Thank goodness there’s no way I’m getting married this summer… unless I somehow find myself confused, amorous, and in Las Vegas. There is so much going on between all my friends’ weddings that I am teetering on the edge of mixing up which event belongs to which wedding.
As it stands, I’m dateless for all of the weddings. It wasn’t an issue at T’s wedding, since I was part of the bridal party. At Mrs. Hofeldt’s wedding, TUBFE is attending sans-male counterparts, so that’s also not a problem. I still have an open “plus one” for the last wedding, which I would have offered to the Super Ninja, but he already has duties as a bridal attendant for a different wedding. (On that note, there are so many weddings happening that weekend. It’s like an international holiday, I swear.) I suppose here is where I should say, “Guy friends, vie for my attention and tell me why you would make an excellent date to a formal wedding.”
Speaking of guys, I’m always amused by the customary social separation of “the men” and “the ladies” during wedding festivities. I understand the basis and tradition behind it. But as a young lady, it would be a big, fat lie to say I have never thought about how I would deal with my own festivities because of my posse of male friends.

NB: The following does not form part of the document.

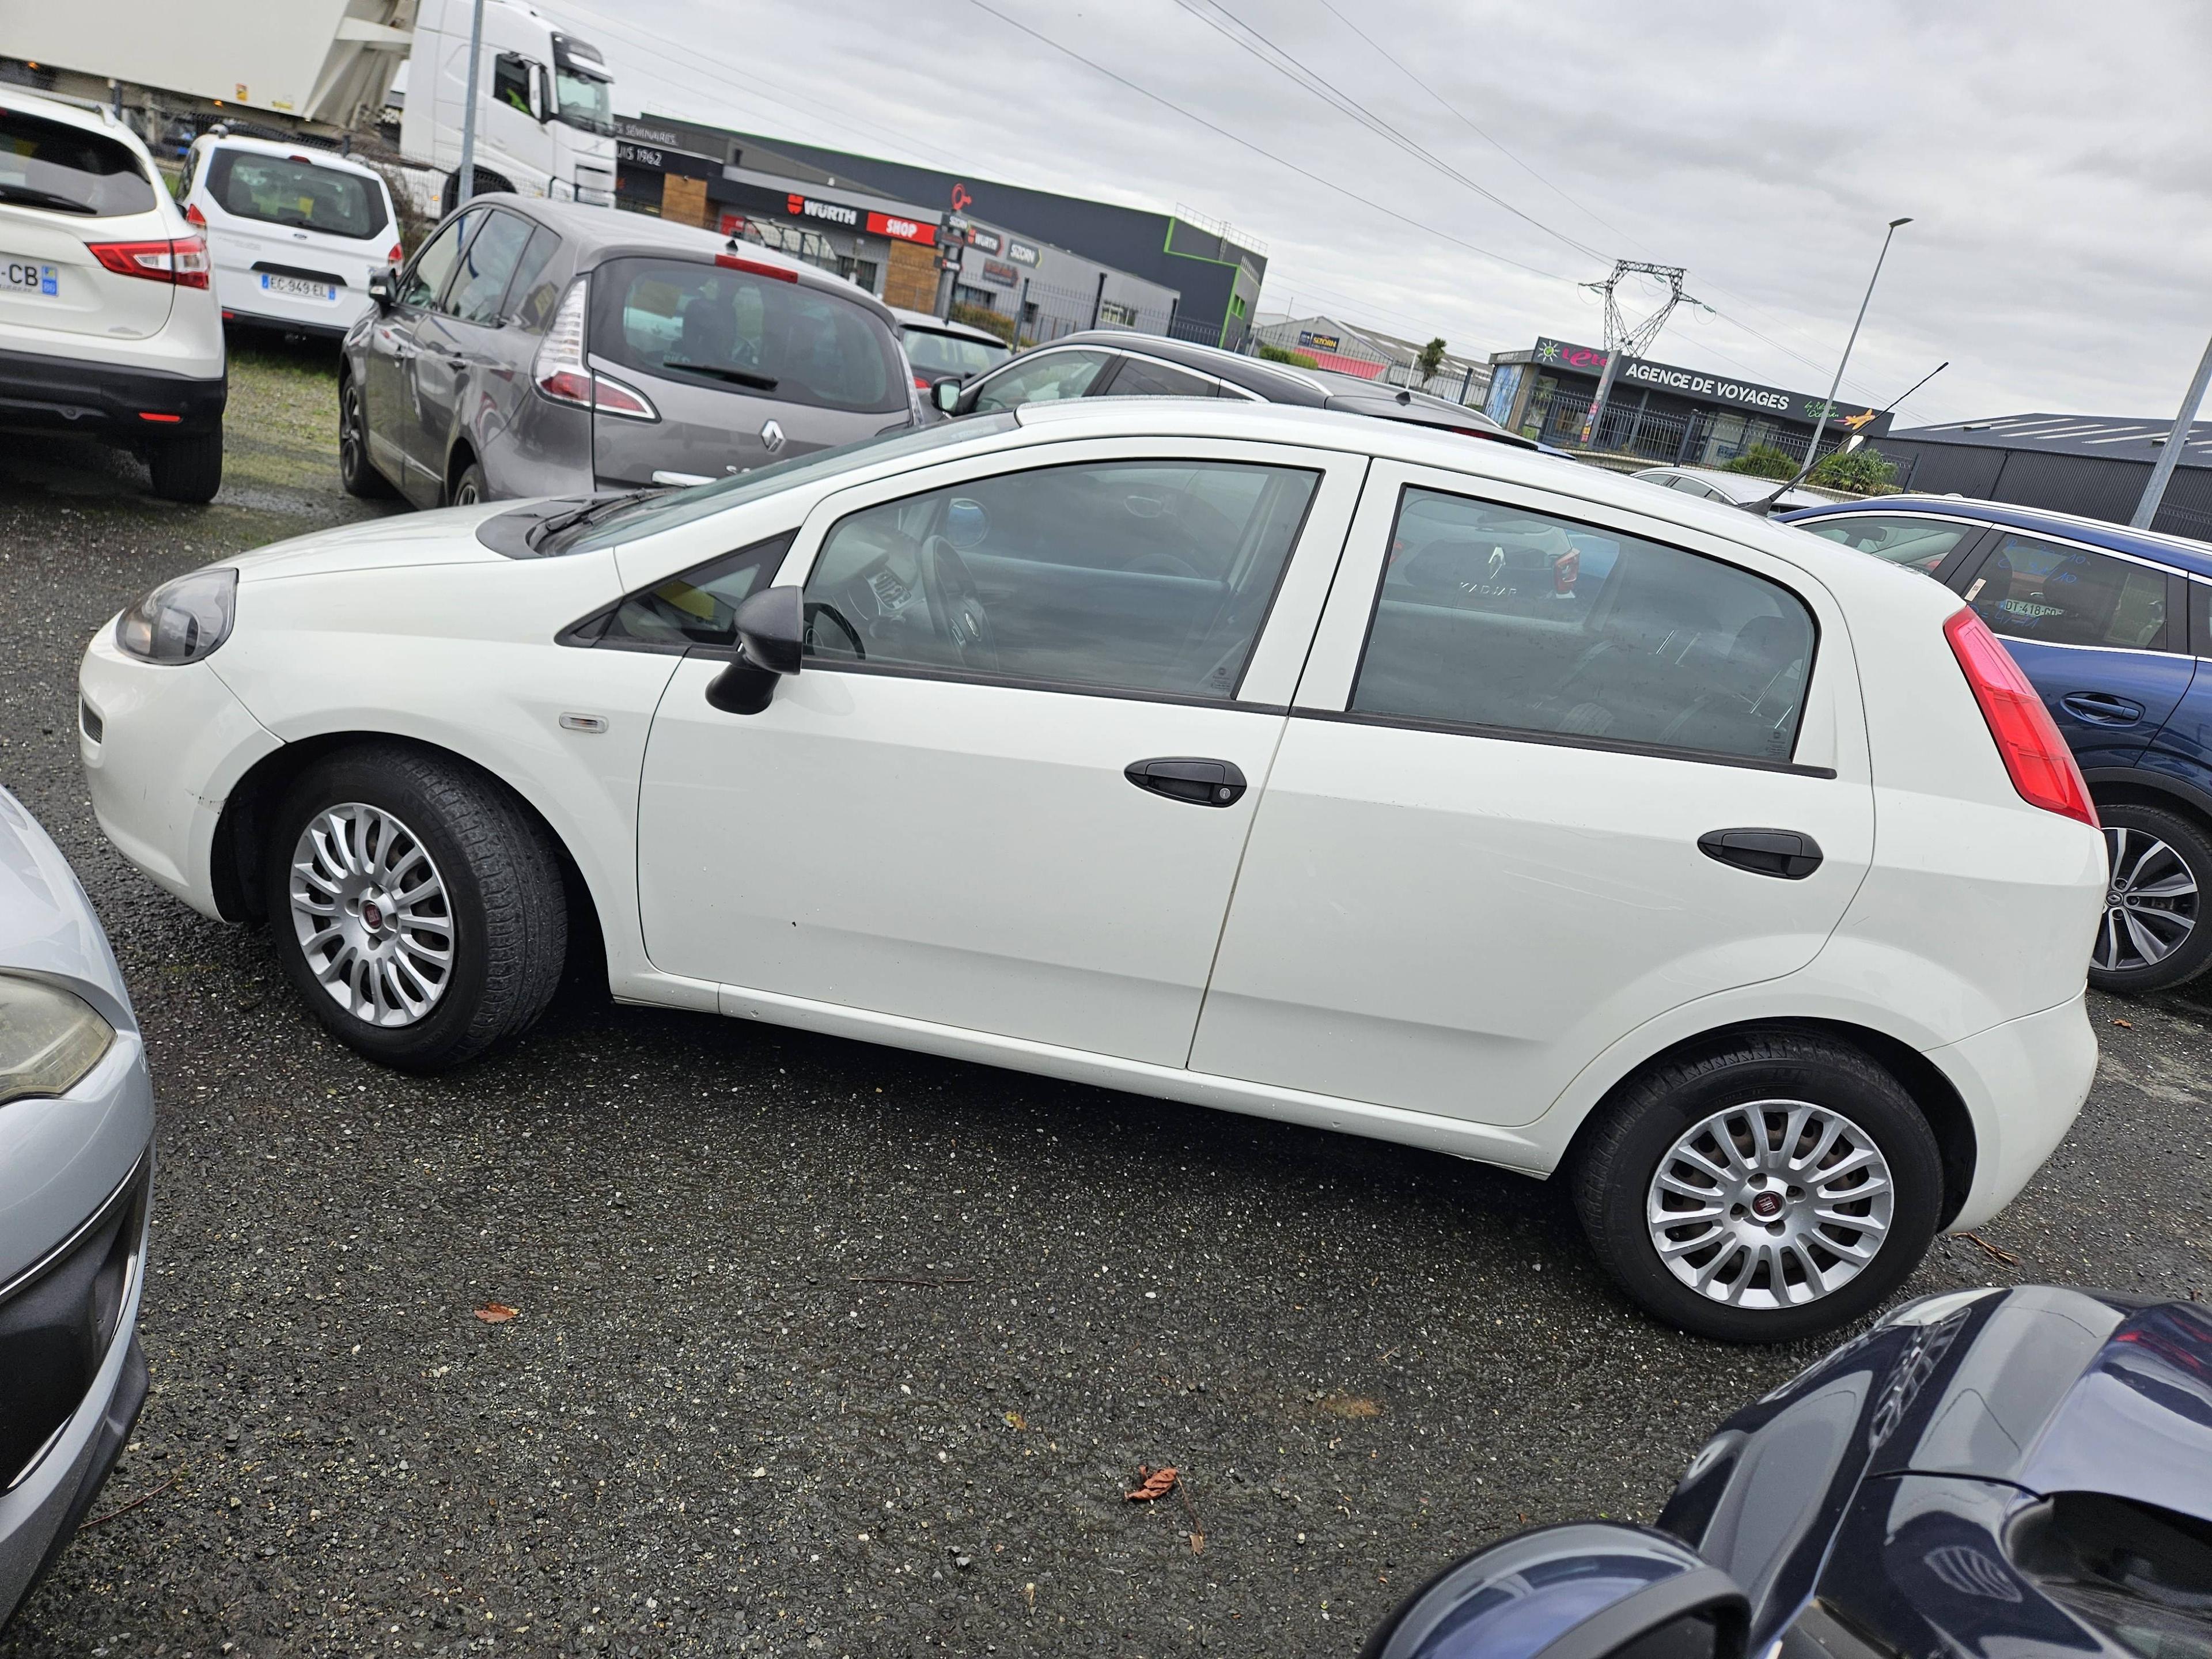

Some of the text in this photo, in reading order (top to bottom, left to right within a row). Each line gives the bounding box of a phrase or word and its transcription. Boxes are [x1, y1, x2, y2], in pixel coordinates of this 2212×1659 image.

It turns out, though, it’s not really an issue. With the advent of co-ed bridal parties, “couple’s showers,” and other related goodness, the traditional gender barrier won’t be a hurdle for me. My ladies are all aware that they may very well have to fight some male friends for the Maid of Honor/Man of Honor position someday in the far-off future.
More importantly, the fellas are still going to have to fight over who the Real Best Man will be, a.k.a. The Groom. First thing’s first, right?
For now, I’ll focus on packing for my California adventure in which Mrs. Hofeldt will actually attain the status necessary to change her last name.